• ASSIGNED TASK:
Skip the pictures and repeat each line of the data exactly.

• ENTRIES PROVIDED:
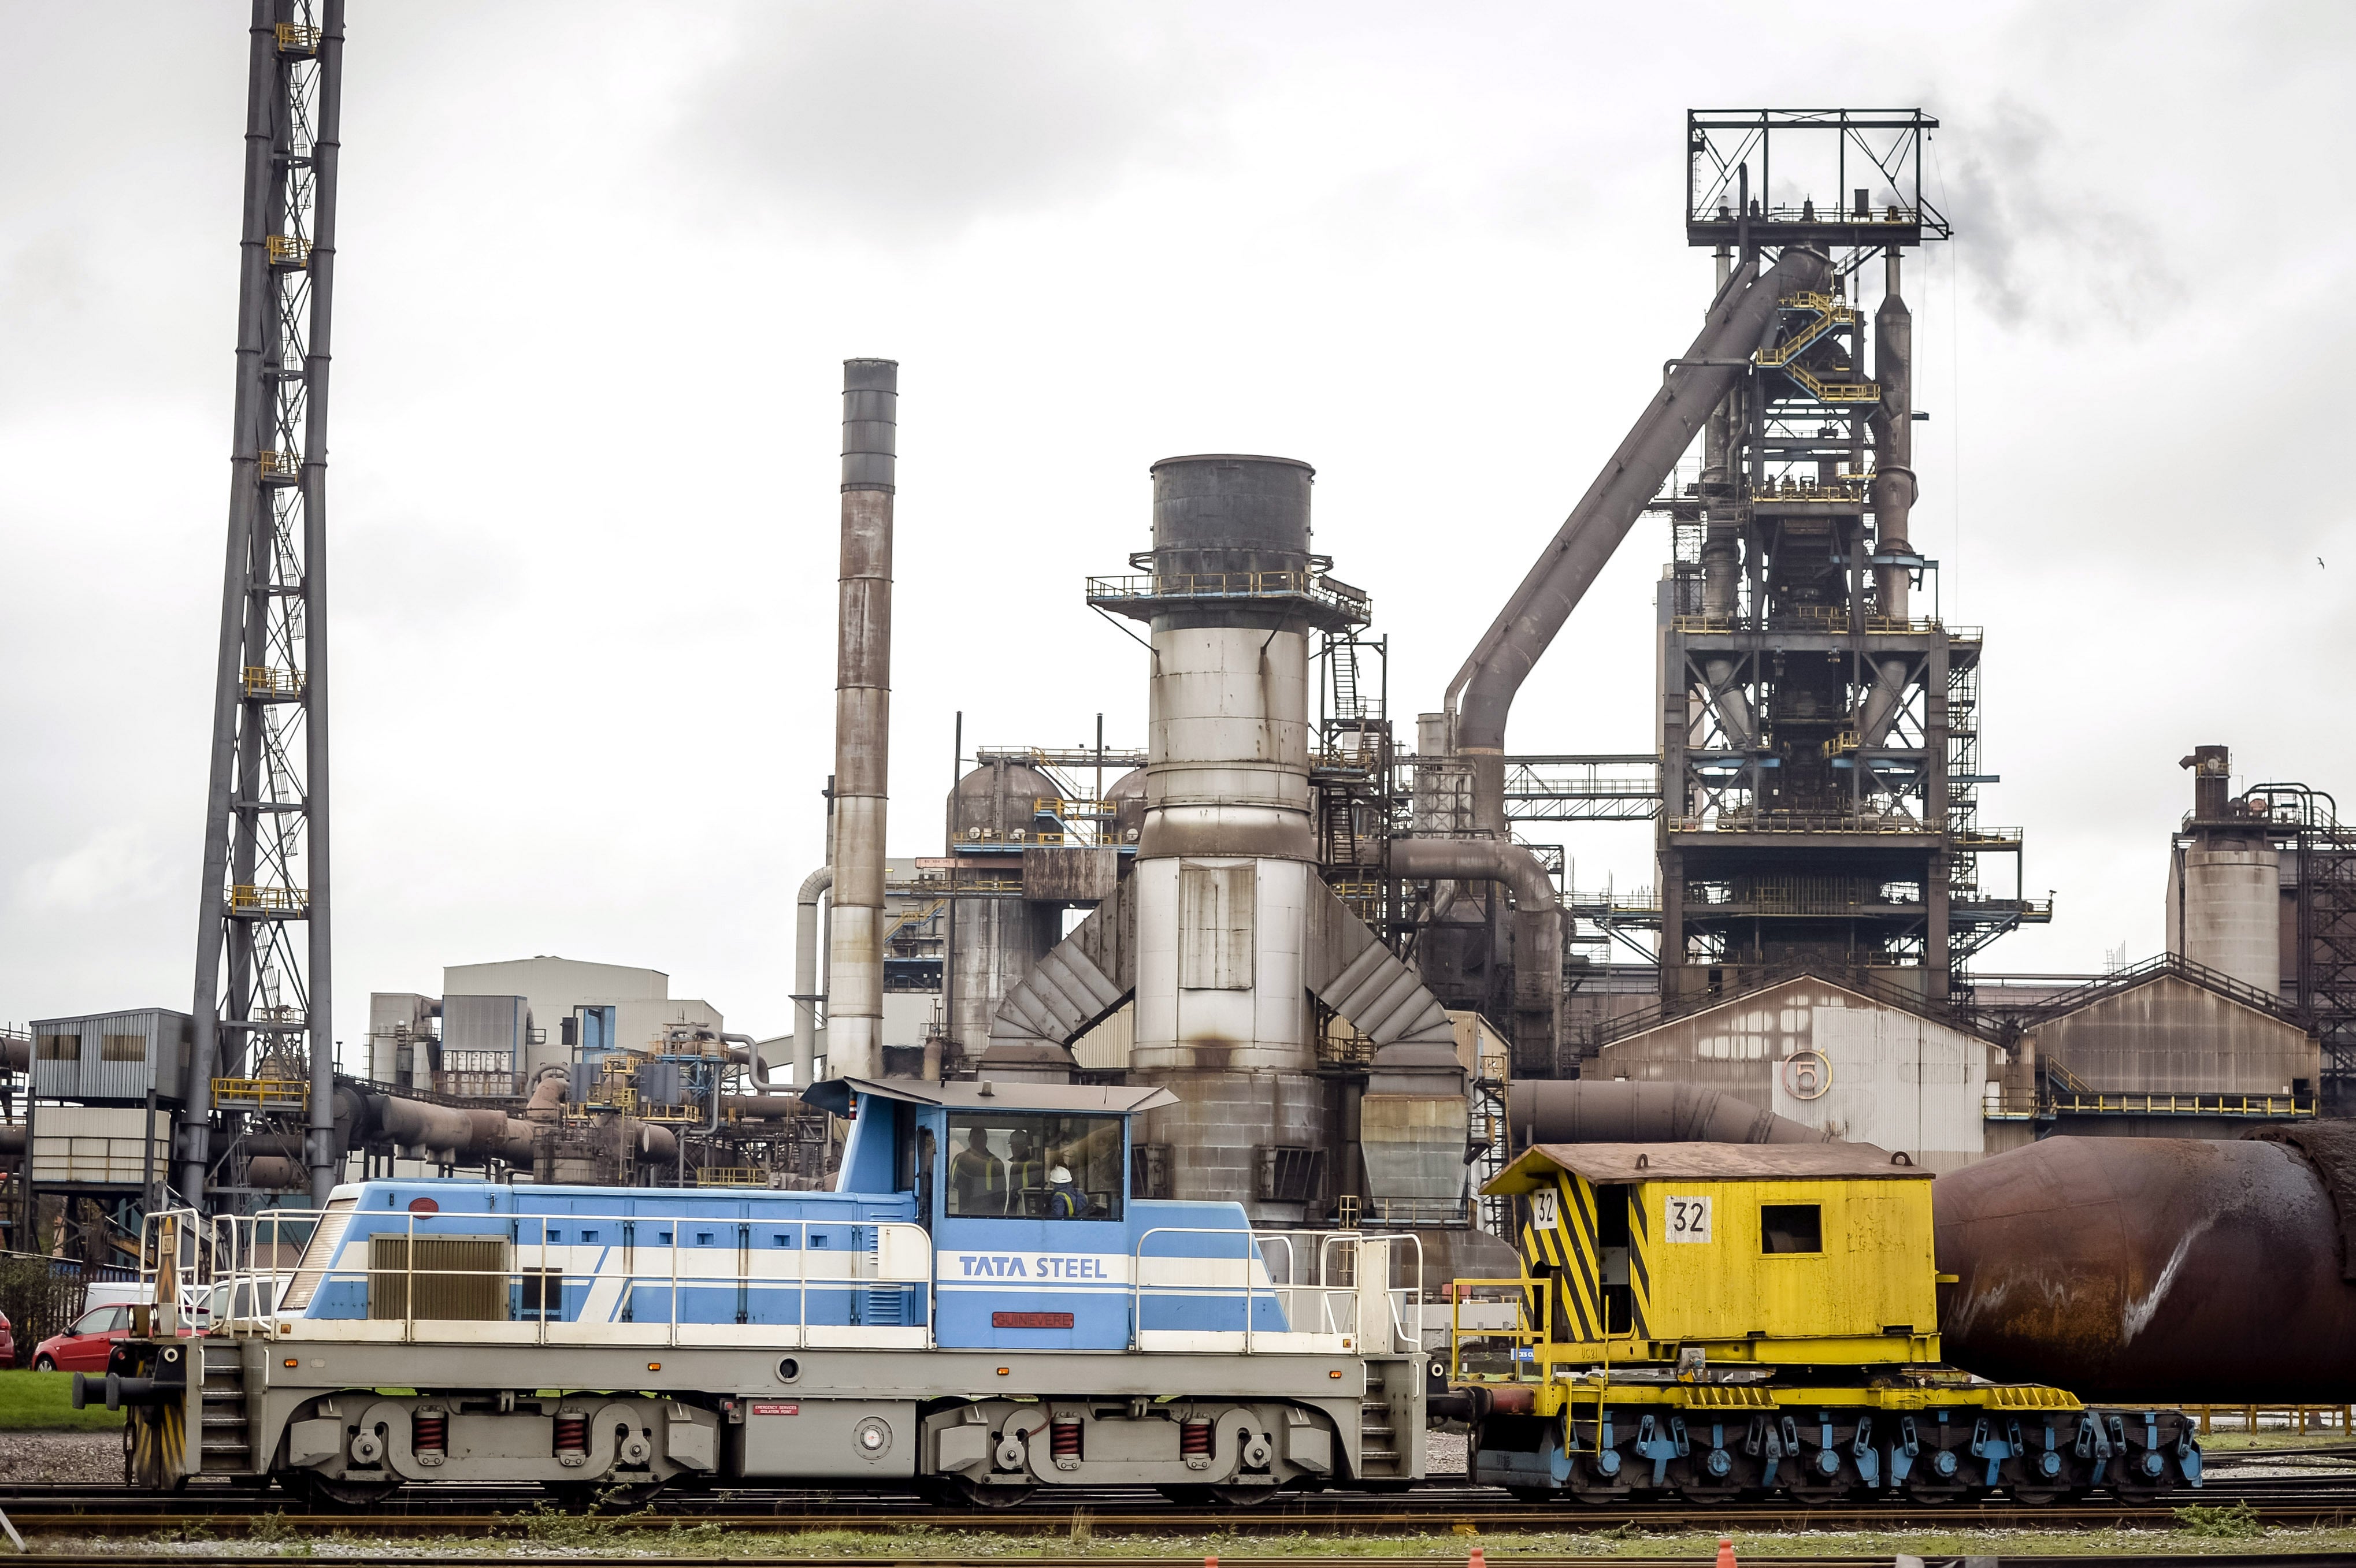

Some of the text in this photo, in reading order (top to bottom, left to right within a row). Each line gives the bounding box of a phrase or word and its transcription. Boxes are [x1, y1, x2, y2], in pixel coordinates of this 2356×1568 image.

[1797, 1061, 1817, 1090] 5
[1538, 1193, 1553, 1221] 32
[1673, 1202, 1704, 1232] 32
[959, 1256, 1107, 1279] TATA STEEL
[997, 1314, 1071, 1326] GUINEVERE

• SOLUTION TO THE PROBLEM:
Some of the text in this photo, in reading order (top to bottom, left to right within a row). Each line gives the bounding box of a phrase or word and its transcription. Boxes are [x1, y1, x2, y2], in pixel coordinates of this 2356×1568 image.

[1797, 1061, 1817, 1090] 5
[1538, 1193, 1553, 1221] 32
[1673, 1202, 1704, 1232] 32
[959, 1256, 1107, 1279] TATA STEEL
[997, 1314, 1071, 1326] GUINEVERE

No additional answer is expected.